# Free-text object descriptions

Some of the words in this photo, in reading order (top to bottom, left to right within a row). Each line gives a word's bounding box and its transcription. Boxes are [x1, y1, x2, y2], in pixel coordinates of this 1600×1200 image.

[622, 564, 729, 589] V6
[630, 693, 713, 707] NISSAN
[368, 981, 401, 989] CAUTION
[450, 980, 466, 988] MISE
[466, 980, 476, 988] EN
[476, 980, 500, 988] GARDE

# Problem description
Write the data out again in full. Match it word for word.

# Your response
Some of the words in this photo, in reading order (top to bottom, left to right within a row). Each line gives a word's bounding box and its transcription. Boxes are [x1, y1, x2, y2], in pixel coordinates of this 1600×1200 image.

[622, 564, 729, 589] V6
[630, 693, 713, 707] NISSAN
[368, 981, 401, 989] CAUTION
[450, 980, 466, 988] MISE
[466, 980, 476, 988] EN
[476, 980, 500, 988] GARDE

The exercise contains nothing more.